Landowner can be paid though facing charges


By D.a. Wilkinson

The heads of the county prosecutor’s office and port authorities said the purchase can go through.

WELLSVILLE — Having a meth lab on part of the proposed site of the Baard Energy plant to turn high-sulfur coal into synthetic fuel isn’t a problem.

Getting the correct financing secured for the $6 billion plant is, according to Tracy Drake, the chief executive officer of the Columbiana County Port Authority.

The port authority received $6 million in state funding to buy about 530 acres in Wellsville for the Baard facility. Peter S. Barta II, 36, of Sixteen School Road, had signed an agreement to sell his property to the port authority. The property is at the far western edge of the proposed plant site. The amount of the payment to Barta, as with all of the payment agreements, has not been disclosed.

Barta was recently served with a superseding indictment by the county grand jury that included charges of illegal assembly or possession of chemicals for the manufacture of drugs, two counts possession of drugs with a forfeiture specification, and a charge of possession of criminal tools.

Columbiana County Prosecutor Robert Herron said the latest of three indictments against Barta changed as investigators looked deeper into Barta’s activities.

The criminal charges used county land records to describe 79.8 acres that Barta owns that was the site of the meth lab and could be seized by the state. Drake said the port authority agreed to buy a total of about 140 acres from Barta.

Drake and Herron agreed that under Ohio law, the port authority can pay Barta the set amount.

Herron said that under state law, the county could go through a forfeiture action that would be nulled by the port’s agreement with Barta.

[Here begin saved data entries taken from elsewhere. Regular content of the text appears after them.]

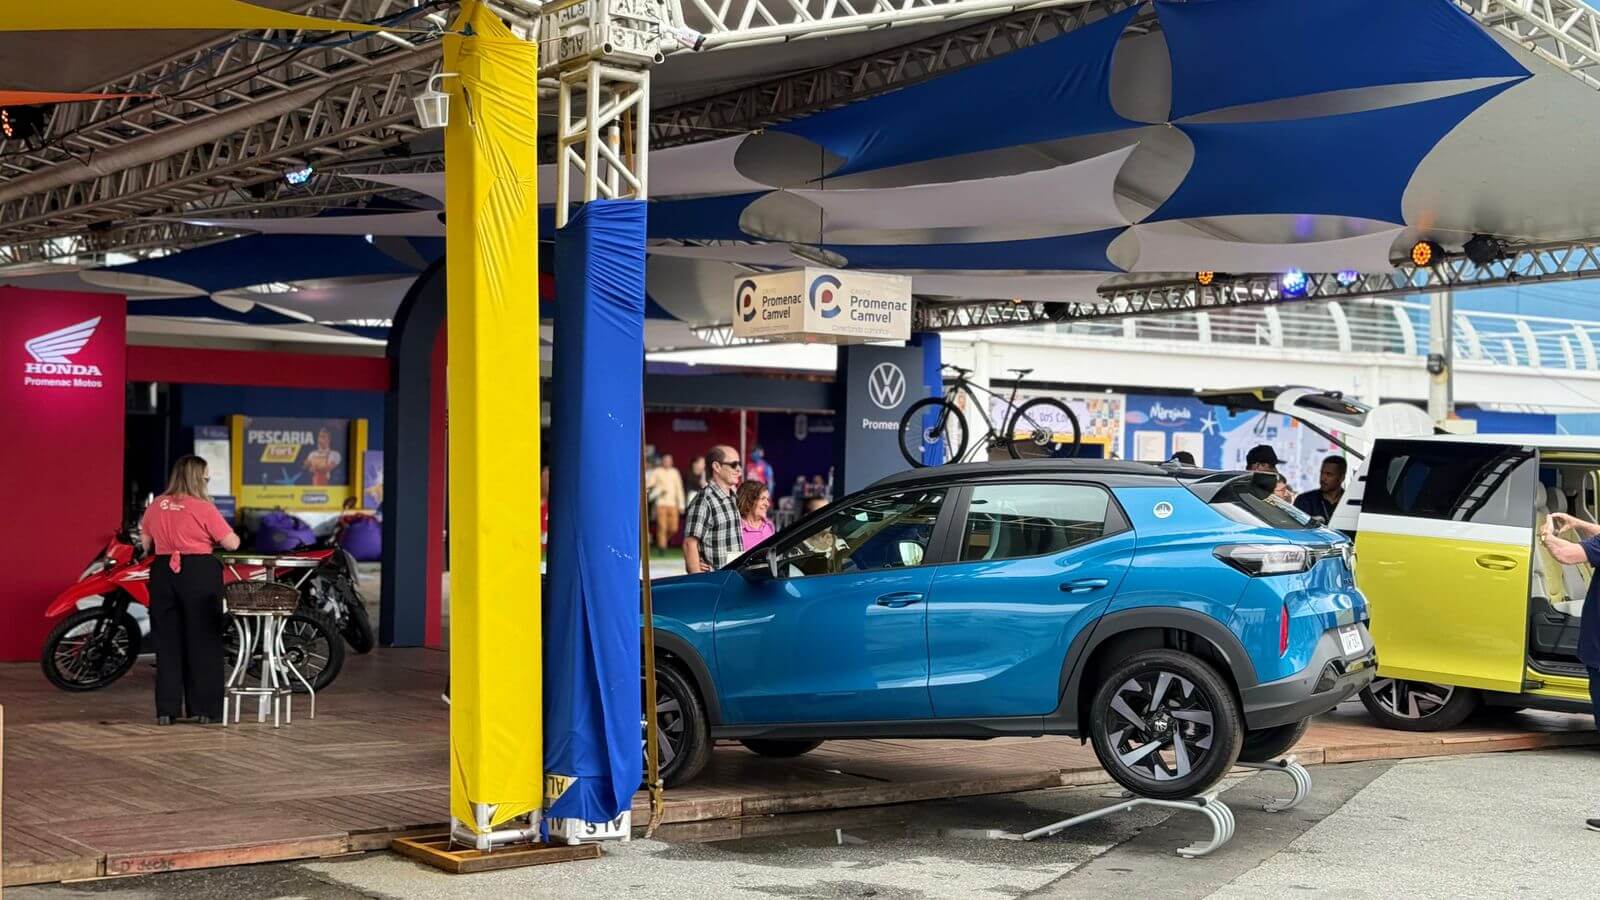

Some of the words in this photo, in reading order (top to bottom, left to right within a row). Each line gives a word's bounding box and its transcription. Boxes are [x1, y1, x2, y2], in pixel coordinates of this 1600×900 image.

[762, 294, 802, 308] Promenac
[850, 295, 908, 311] Promenac
[762, 306, 791, 320] Camvel
[850, 309, 892, 323] Camvel
[25, 362, 103, 376] HONDA
[24, 377, 72, 387] Promenac
[73, 378, 103, 388] Motos
[862, 418, 909, 431] Promen
[248, 430, 315, 445] PESCARIA

Herron noted that the land involved is roughly one-third of the proposed site.

Drake said there is a house on Barta’s property and a couple of barns, and at one time may have been a chicken ranch.

The chemicals that are used in making meth can be dangerous but authorities did not indicate there was a hazard at the site.

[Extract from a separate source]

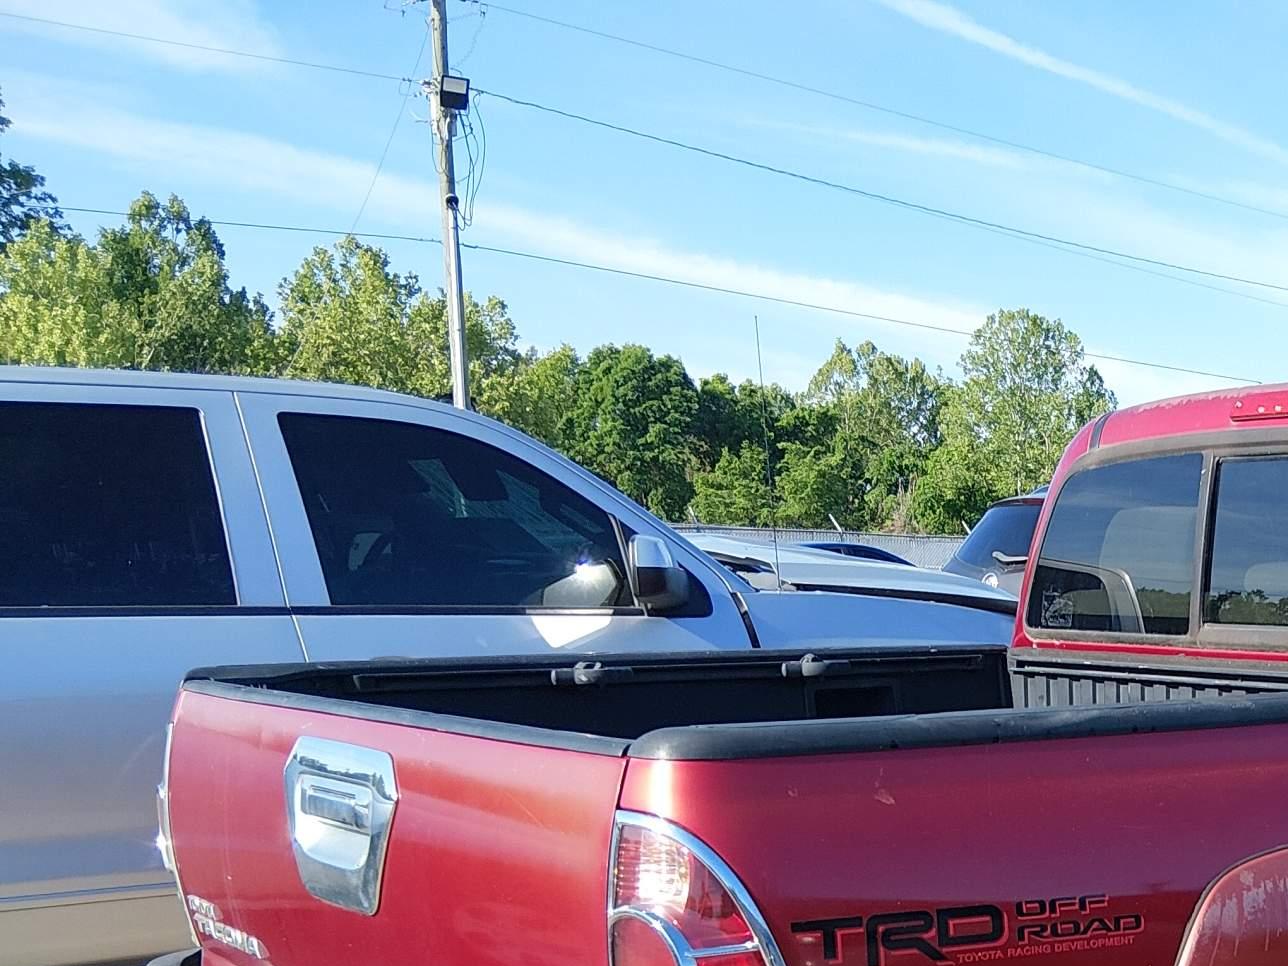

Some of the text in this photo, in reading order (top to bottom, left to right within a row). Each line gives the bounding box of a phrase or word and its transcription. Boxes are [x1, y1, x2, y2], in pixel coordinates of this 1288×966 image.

Securing the funding for the site purchase has been difficult.

Environmentalists filed lawsuits to stop the proposed plan, but Drake said, “They never win.”

One part of the project is that carbon dioxide from the plant’s proposed operation would be injected safely into closed mines that would be eventually sealed.

Drake said that he hoped the financing issues would be cleared up in the next six to 10 weeks.

Work at the Baard site this year is expected to be preliminary. The plant, if built, would employ thousands of area workers over several years and several hundred workers full-time.